Os defensores da linguagem neutra apresentam-na como instrumento de inclusão. No entanto, ignoram um dado elementar: inclusão não se faz à revelia das regras que garantem a comunicação clara e compartilhada. O idioma é um sistema coletivo, não uma colcha de retalhos moldada conforme preferências identitárias. Quando se tenta impor, por pressões políticas ou ativismo sem lastro linguístico, soluções artificiais como “elu”, “amigue” ou desinências neutras inexistentes na gramática, corre-se o risco de comprometer justamente aquilo que dá ao português sua força: a previsibilidade e a inteligibilidade.
Nesse ponto, a lei sancionada toca em uma questão essencial: o Estado não pode adaptar sua linguagem ao sabor de modismos ou agendas setoriais. Órgãos públicos precisam de estabilidade normativa. A redação administrativa deve ser precisa, unívoca e técnica. Não pode oscilar entre experimentações que geram ruídos, confusão e divergências interpretativas. A preservação da norma culta não é conservadorismo; é responsabilidade institucional.
É igualmente necessário afastar a leitura simplista segundo a qual a proibição representaria uma vitória deste ou daquele governo. O mérito da discussão está muito além da política partidária — e, nesse aspecto, o governo federal tampouco é protagonista virtuoso. Em vez de acolher o debate com seriedade, a administração federal preferiu tratá-lo como pauta sensível, evitando posicionamentos claros e permitindo que o tema fosse capturado por extremismos discursivos. A ausência de orientação técnica sólida abriu espaço para a polarização, e dela se aproveitou quem desejava, de um lado, impor a linguagem neutra como se fosse inevitável e, de outro, legislar de forma definitiva.
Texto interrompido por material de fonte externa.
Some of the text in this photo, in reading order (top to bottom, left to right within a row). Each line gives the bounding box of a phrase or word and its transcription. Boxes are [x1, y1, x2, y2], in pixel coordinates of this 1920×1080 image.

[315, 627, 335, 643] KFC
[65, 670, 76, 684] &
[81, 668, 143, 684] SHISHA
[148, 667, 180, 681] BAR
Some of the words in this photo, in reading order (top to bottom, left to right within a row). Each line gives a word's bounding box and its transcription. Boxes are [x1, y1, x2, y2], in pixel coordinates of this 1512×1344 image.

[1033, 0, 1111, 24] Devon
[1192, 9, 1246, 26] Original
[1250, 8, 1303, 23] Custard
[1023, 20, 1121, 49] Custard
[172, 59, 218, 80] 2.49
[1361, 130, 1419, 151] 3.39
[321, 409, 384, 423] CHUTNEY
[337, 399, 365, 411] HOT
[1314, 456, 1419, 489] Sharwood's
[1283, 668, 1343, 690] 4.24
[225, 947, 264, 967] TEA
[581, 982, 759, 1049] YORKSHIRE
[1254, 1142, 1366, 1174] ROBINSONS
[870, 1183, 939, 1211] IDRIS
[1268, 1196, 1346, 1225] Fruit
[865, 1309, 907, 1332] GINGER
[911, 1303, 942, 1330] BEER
Ainda assim, é inegável que a defesa da norma culta preserva um patrimônio civilizatório. O português, como qualquer língua, evolui organicamente e não por decreto de grupos que confundem militância com método. A língua se transforma quando a sociedade inteira a transforma, de modo espontâneo, consistente e duradouro. Não quando alguns resolvem que basta mudar o plural ou implantar uma vogal neutra para “corrigir” injustiças sociais que, na verdade, exigem políticas públicas, não reformas gramaticais improvisadas.
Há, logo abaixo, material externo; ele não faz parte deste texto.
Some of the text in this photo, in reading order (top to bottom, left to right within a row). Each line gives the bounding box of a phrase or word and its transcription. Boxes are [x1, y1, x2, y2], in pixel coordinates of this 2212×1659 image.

O debate sobre linguagem neutra expõe, portanto, uma encruzilhada: de um lado, uma militância que subestima a complexidade linguística e superestima o poder simbólico de intervenções artificiais; de outro, a necessidade legítima de proteger a língua padrão como ferramenta de comunicação institucional. E é este segundo aspecto que deve prevalecer quando se trata de documentos oficiais, atos normativos e comunicação administrativa.
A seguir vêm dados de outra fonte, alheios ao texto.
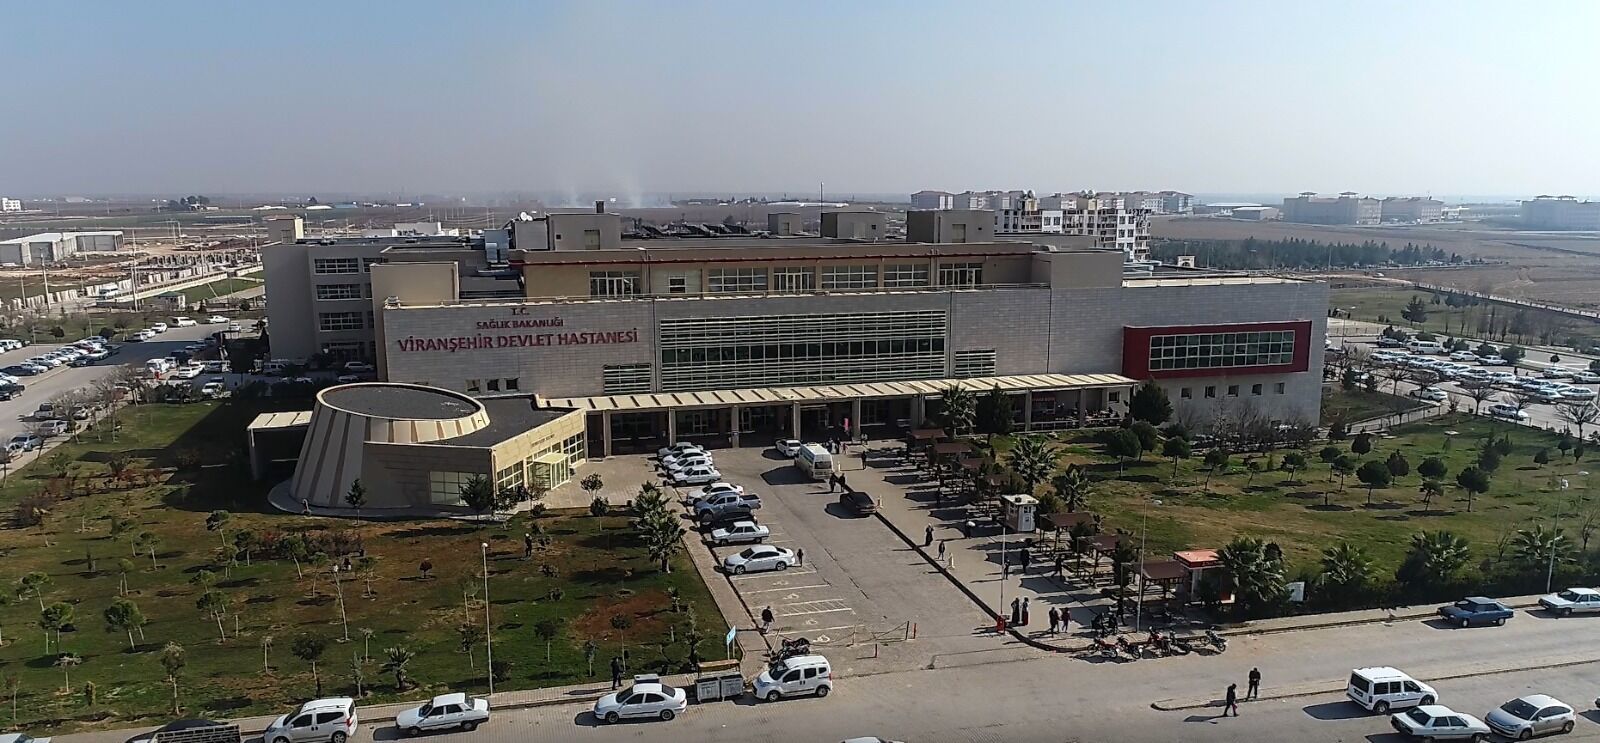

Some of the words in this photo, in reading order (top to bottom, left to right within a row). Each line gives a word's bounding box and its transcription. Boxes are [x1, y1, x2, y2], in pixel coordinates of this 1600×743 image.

[476, 318, 511, 330] SAĞLIK
[513, 316, 564, 329] BAKANLIĞI
[397, 333, 494, 353] VİRANŞEHİR
[496, 333, 554, 349] DEVLET
[557, 327, 638, 346] HASTANESİ
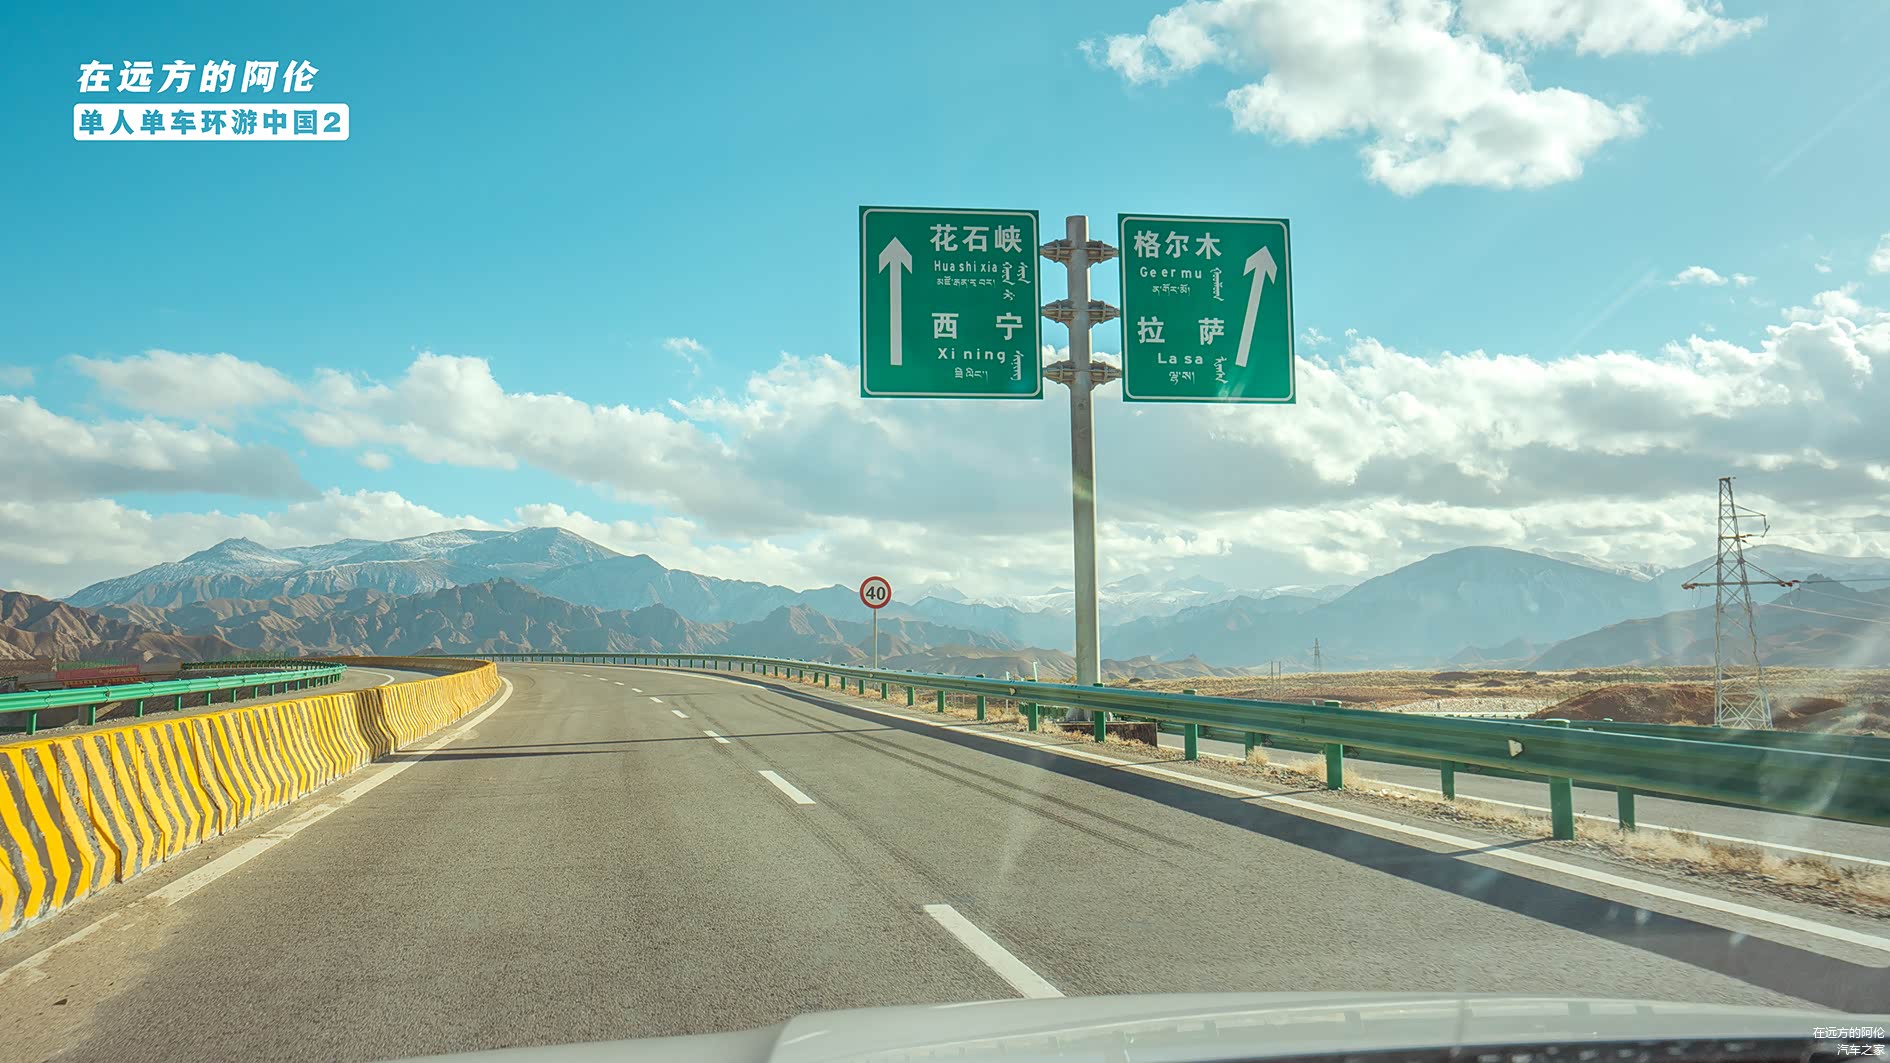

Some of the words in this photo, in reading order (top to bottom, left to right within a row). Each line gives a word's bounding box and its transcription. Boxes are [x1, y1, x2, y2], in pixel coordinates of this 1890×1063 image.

[930, 224, 1023, 253] 花石峡
[1134, 230, 1222, 260] 格尔木
[931, 312, 1023, 341] 西宁
[1137, 316, 1225, 346] 拉萨
[866, 586, 886, 601] 40
A pluralidade de expressões deve ser respeitada na esfera privada e cultural. Já o Estado, por sua natureza, precisa falar a língua de todos — e essa língua, até prova científica em contrário, é a norma culta vigente. Proteger o português de experimentos apressados não é retrocesso: é compromisso com a clareza, a técnica e a própria democracia.